--- START ---
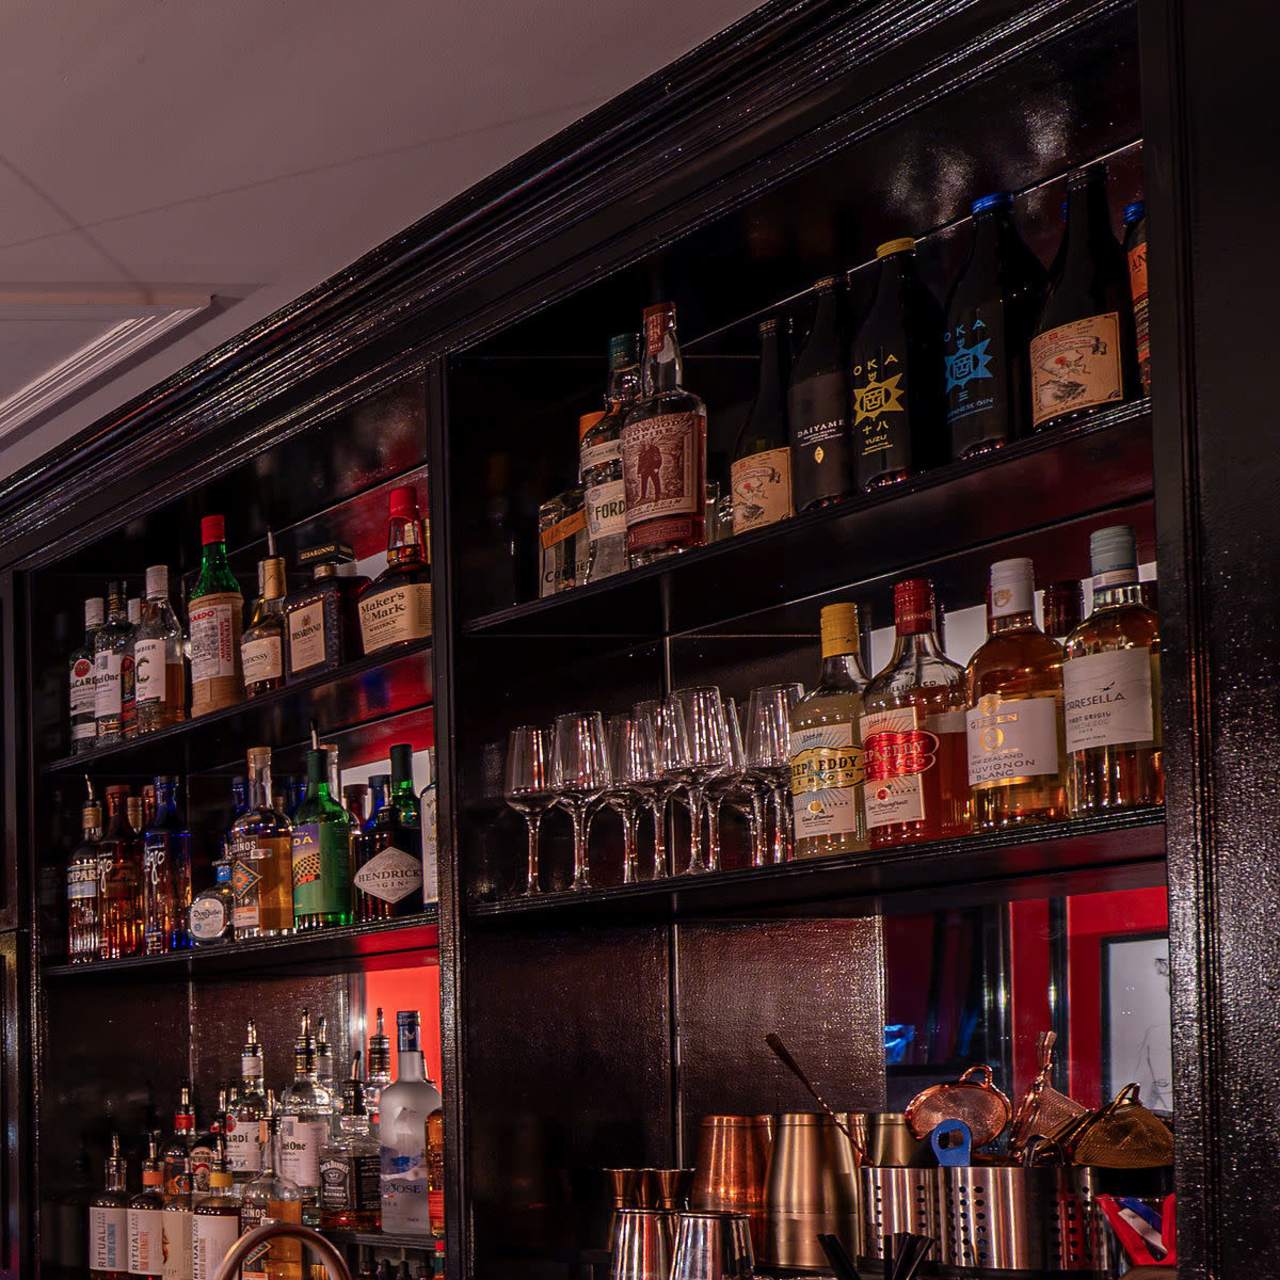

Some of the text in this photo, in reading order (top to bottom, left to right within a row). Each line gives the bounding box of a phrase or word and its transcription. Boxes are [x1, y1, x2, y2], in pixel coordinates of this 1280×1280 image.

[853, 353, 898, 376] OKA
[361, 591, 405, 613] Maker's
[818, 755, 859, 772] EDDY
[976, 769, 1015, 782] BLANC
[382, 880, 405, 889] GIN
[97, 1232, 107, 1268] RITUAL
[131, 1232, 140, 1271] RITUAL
--- END ---
=== Work item ===
Could you copy the listing above exactly, without its pictures?

=== Written response ===
Some of the text in this photo, in reading order (top to bottom, left to right within a row). Each line gives the bounding box of a phrase or word and its transcription. Boxes are [x1, y1, x2, y2], in pixel coordinates of this 1280×1280 image.

[853, 353, 898, 376] OKA
[361, 591, 405, 613] Maker's
[818, 755, 859, 772] EDDY
[976, 769, 1015, 782] BLANC
[382, 880, 405, 889] GIN
[97, 1232, 107, 1268] RITUAL
[131, 1232, 140, 1271] RITUAL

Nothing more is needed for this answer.